A homosexual male presents with a painless necrotic abscesses on his penis and proctitis. He was also recently diagnosed with HIV. Physical exam reveals swollen lymph nodes. What is the most likely diagnosis?

A

This is C. trachomatis LGV infection.

30
Q

How does the laboratory diagnose chlamydia?

A

Urine NAAT or urethral/cervical swab NAAT or culture + immunohistochemistry.

31
Q

Treatment of c. trachomatis

A

Genital: azithromycin or doxycycline Babies: azithromycin

32
Q

What bug makes up 20% of non-gonococcal urethritis?

A

Mycoplasma

33
Q

How do we culture mycoplasma?

A

PPLO (fried egg colonies)

34
Q

Top 2 most common infections reported to the CDC each year?

A

1) Chlamydia (1 million per year) #2) Gonorrhea (350,000 cases per year, heavy in South)

35
Q

Why are people with ulcerative STDs at higher risk for HIV?

A

Lots of cells in the ulcers are susceptible to HIV infection

36
Q

What are younger women at increased risk for chlamydia or gonorrhea?

A

Cervical ectopy: the columnar epithelial cells are most susceptible to C. trachomatis or N. gonorrhoeae.

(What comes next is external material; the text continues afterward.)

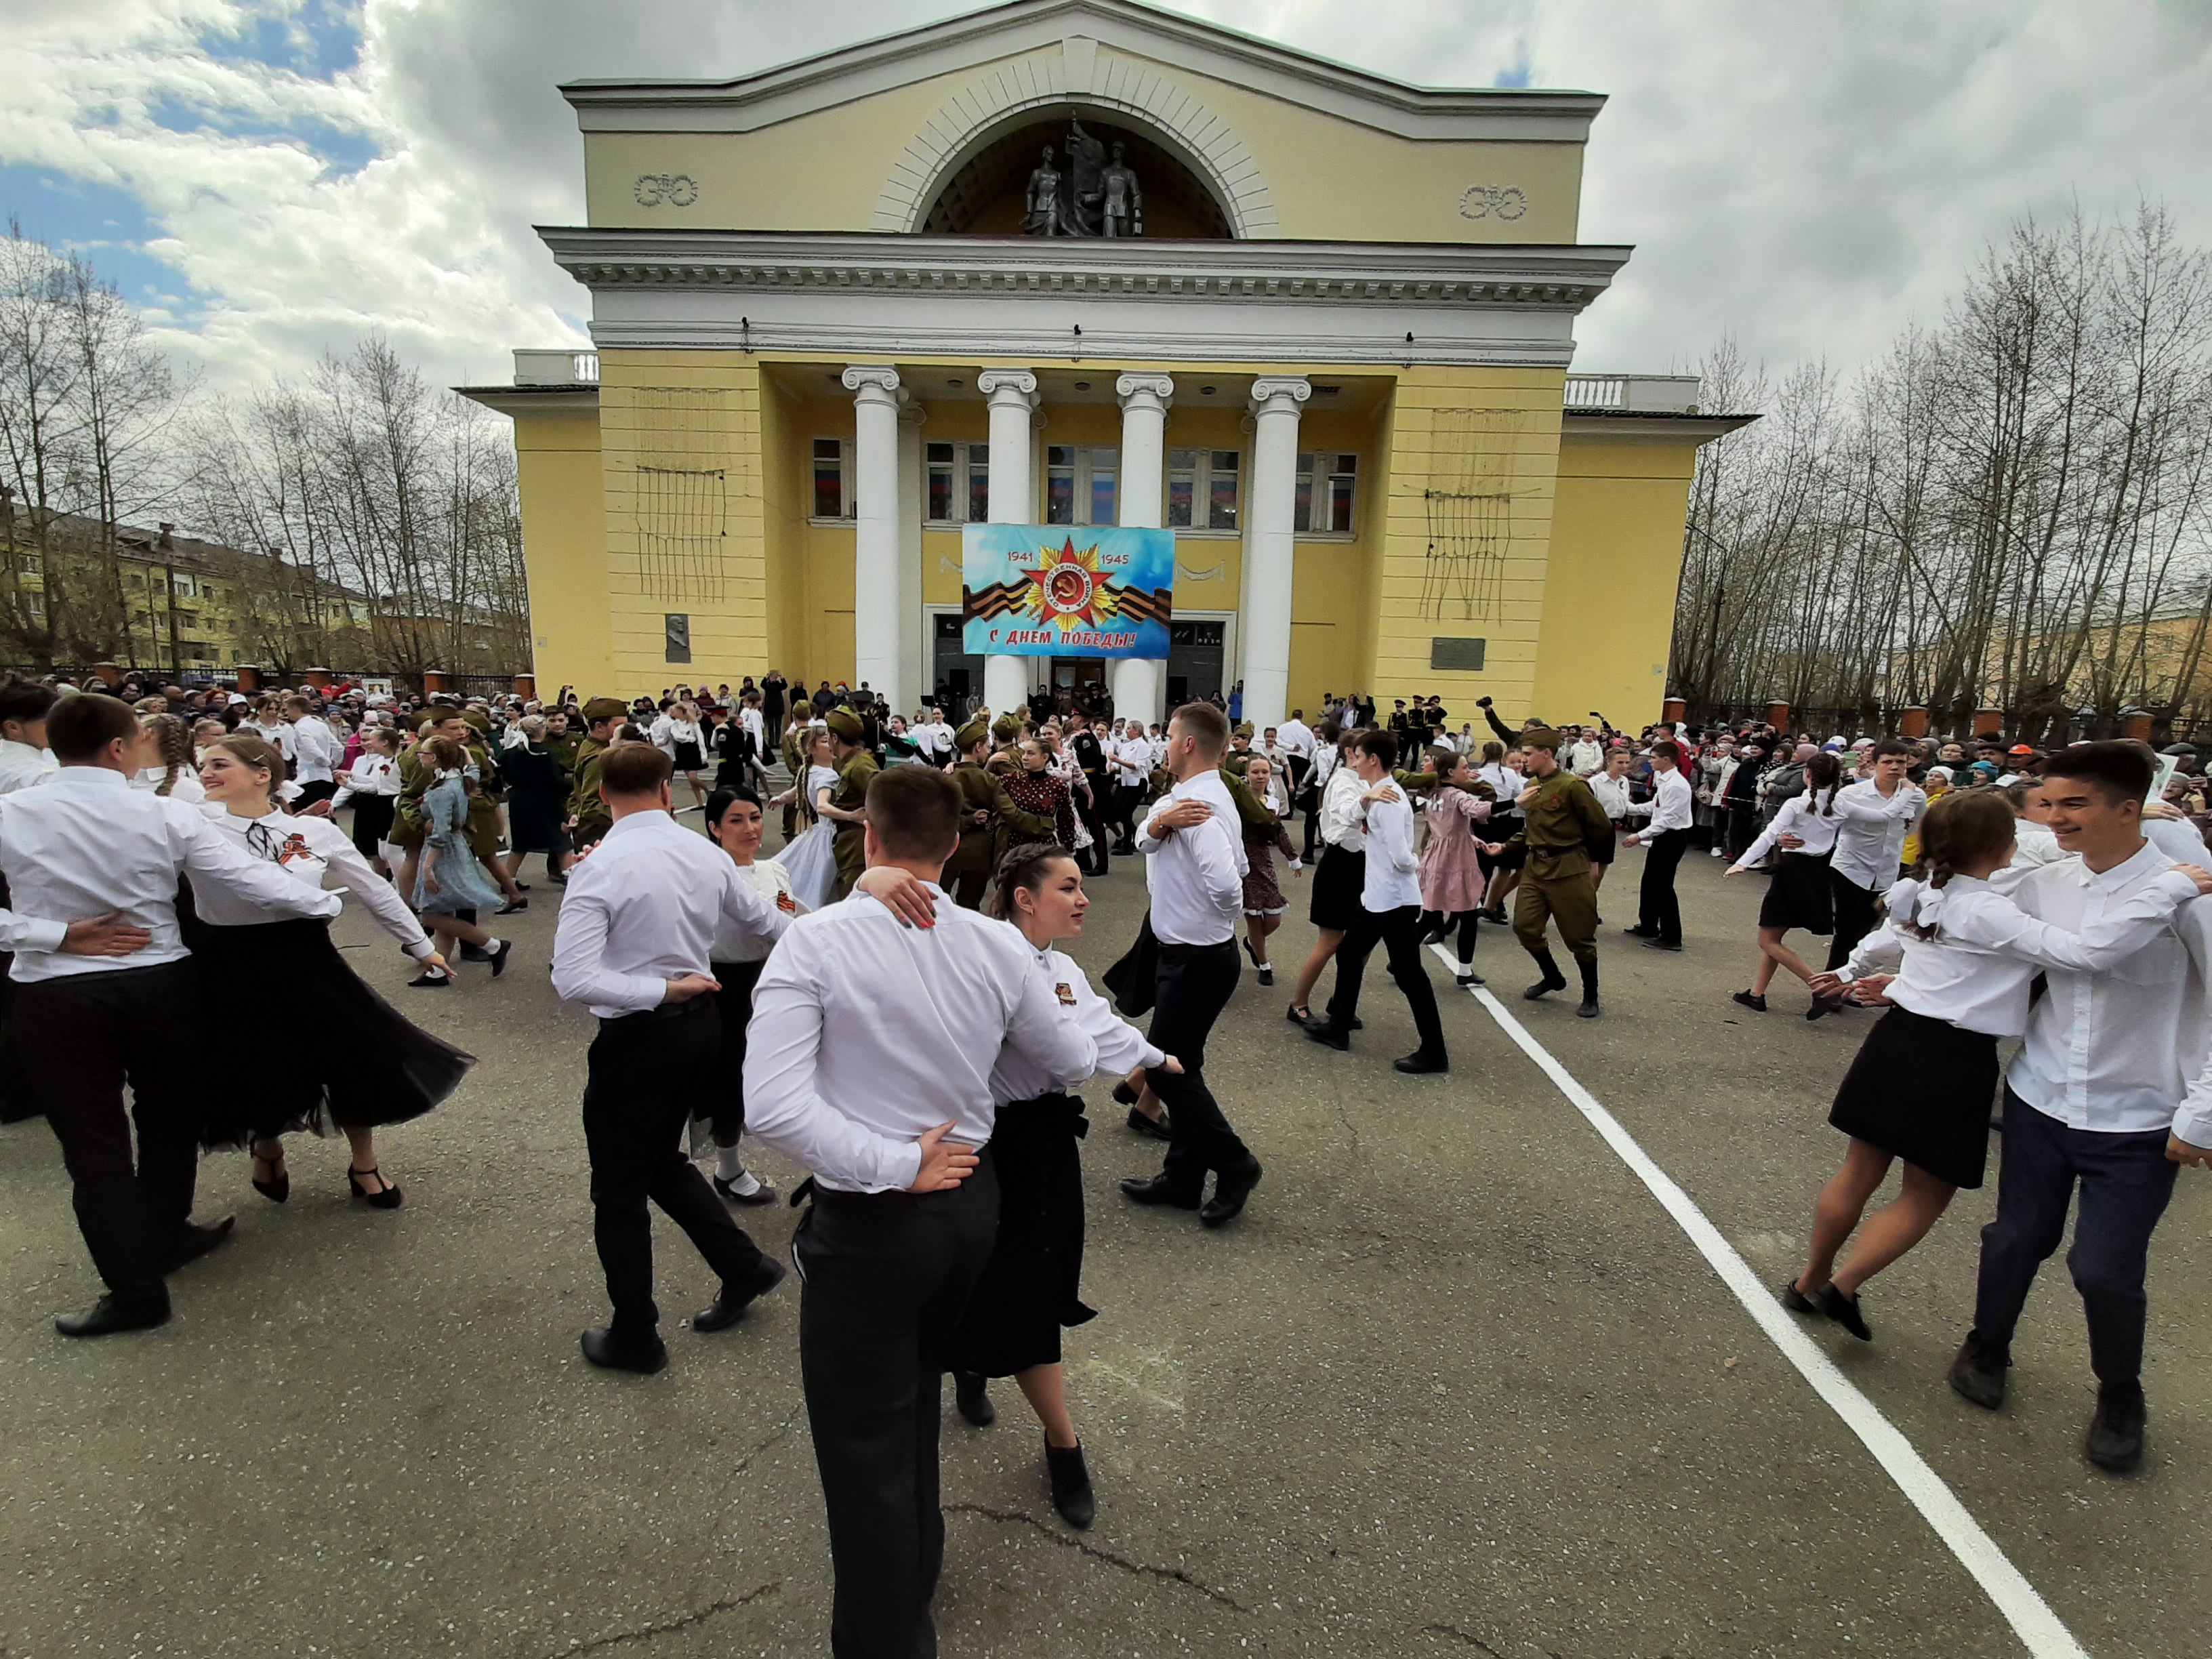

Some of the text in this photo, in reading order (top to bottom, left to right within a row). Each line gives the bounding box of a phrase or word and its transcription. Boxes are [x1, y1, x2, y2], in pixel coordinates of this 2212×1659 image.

With age the outside of the cervix becomes more squamous and less susceptible to infection.

37
Q

Core groups STIs that travel around a network of people

A

Gonorrhea, HIV and syphillis. Stopping the infection in one person can stop the spread to many other people.

38
Q

What antibiotic has most gonorrhea become resistant to most recently?

A

Ceftriaxone.

39
Q

Why is nonoxynol-9 a bad drug?

A

It is a detergent damages epithelial cells, causes inflammation and makes people more susceptible to STIs.